▶ [TASK DETAILS]
First find the line containing "this 2352×1568 image." in the data, then set it down exactly along with every line after it, through the last.

▶ [TASK INPUT]
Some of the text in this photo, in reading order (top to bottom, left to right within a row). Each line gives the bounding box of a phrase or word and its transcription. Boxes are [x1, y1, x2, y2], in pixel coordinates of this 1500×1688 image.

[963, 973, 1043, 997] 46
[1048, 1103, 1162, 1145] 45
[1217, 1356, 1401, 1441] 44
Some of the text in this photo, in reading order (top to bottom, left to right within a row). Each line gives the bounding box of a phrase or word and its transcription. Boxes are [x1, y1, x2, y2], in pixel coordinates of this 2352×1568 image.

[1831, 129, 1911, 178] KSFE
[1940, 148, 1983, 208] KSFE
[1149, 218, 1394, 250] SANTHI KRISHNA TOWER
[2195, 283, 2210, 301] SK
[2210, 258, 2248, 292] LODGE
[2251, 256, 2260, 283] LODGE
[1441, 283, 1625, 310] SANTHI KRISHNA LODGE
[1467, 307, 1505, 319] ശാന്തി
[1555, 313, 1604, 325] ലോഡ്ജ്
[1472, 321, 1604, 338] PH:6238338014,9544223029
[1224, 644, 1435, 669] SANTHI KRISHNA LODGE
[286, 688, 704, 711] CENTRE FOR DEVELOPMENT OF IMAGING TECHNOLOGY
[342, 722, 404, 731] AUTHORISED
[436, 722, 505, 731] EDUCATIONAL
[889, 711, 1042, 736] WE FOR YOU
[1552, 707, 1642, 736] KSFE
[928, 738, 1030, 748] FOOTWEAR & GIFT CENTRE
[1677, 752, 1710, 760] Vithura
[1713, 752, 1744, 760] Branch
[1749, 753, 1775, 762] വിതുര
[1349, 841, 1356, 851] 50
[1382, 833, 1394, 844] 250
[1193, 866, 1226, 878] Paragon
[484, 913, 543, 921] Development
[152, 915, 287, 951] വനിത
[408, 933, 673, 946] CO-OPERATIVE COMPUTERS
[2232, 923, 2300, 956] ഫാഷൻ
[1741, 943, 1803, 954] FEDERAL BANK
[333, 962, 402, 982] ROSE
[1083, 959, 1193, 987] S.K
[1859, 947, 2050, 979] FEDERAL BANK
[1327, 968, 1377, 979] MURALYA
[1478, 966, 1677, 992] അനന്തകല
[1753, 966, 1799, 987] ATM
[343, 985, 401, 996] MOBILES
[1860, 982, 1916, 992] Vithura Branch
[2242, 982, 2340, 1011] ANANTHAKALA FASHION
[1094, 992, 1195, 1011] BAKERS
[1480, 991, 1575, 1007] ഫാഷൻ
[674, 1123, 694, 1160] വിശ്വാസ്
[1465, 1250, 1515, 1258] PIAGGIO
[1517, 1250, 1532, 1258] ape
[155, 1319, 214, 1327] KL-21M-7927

▶ [OUTPUT BELOW]
Some of the text in this photo, in reading order (top to bottom, left to right within a row). Each line gives the bounding box of a phrase or word and its transcription. Boxes are [x1, y1, x2, y2], in pixel coordinates of this 2352×1568 image.

[1831, 129, 1911, 178] KSFE
[1940, 148, 1983, 208] KSFE
[1149, 218, 1394, 250] SANTHI KRISHNA TOWER
[2195, 283, 2210, 301] SK
[2210, 258, 2248, 292] LODGE
[2251, 256, 2260, 283] LODGE
[1441, 283, 1625, 310] SANTHI KRISHNA LODGE
[1467, 307, 1505, 319] ശാന്തി
[1555, 313, 1604, 325] ലോഡ്ജ്
[1472, 321, 1604, 338] PH:6238338014,9544223029
[1224, 644, 1435, 669] SANTHI KRISHNA LODGE
[286, 688, 704, 711] CENTRE FOR DEVELOPMENT OF IMAGING TECHNOLOGY
[342, 722, 404, 731] AUTHORISED
[436, 722, 505, 731] EDUCATIONAL
[889, 711, 1042, 736] WE FOR YOU
[1552, 707, 1642, 736] KSFE
[928, 738, 1030, 748] FOOTWEAR & GIFT CENTRE
[1677, 752, 1710, 760] Vithura
[1713, 752, 1744, 760] Branch
[1749, 753, 1775, 762] വിതുര
[1349, 841, 1356, 851] 50
[1382, 833, 1394, 844] 250
[1193, 866, 1226, 878] Paragon
[484, 913, 543, 921] Development
[152, 915, 287, 951] വനിത
[408, 933, 673, 946] CO-OPERATIVE COMPUTERS
[2232, 923, 2300, 956] ഫാഷൻ
[1741, 943, 1803, 954] FEDERAL BANK
[333, 962, 402, 982] ROSE
[1083, 959, 1193, 987] S.K
[1859, 947, 2050, 979] FEDERAL BANK
[1327, 968, 1377, 979] MURALYA
[1478, 966, 1677, 992] അനന്തകല
[1753, 966, 1799, 987] ATM
[343, 985, 401, 996] MOBILES
[1860, 982, 1916, 992] Vithura Branch
[2242, 982, 2340, 1011] ANANTHAKALA FASHION
[1094, 992, 1195, 1011] BAKERS
[1480, 991, 1575, 1007] ഫാഷൻ
[674, 1123, 694, 1160] വിശ്വാസ്
[1465, 1250, 1515, 1258] PIAGGIO
[1517, 1250, 1532, 1258] ape
[155, 1319, 214, 1327] KL-21M-7927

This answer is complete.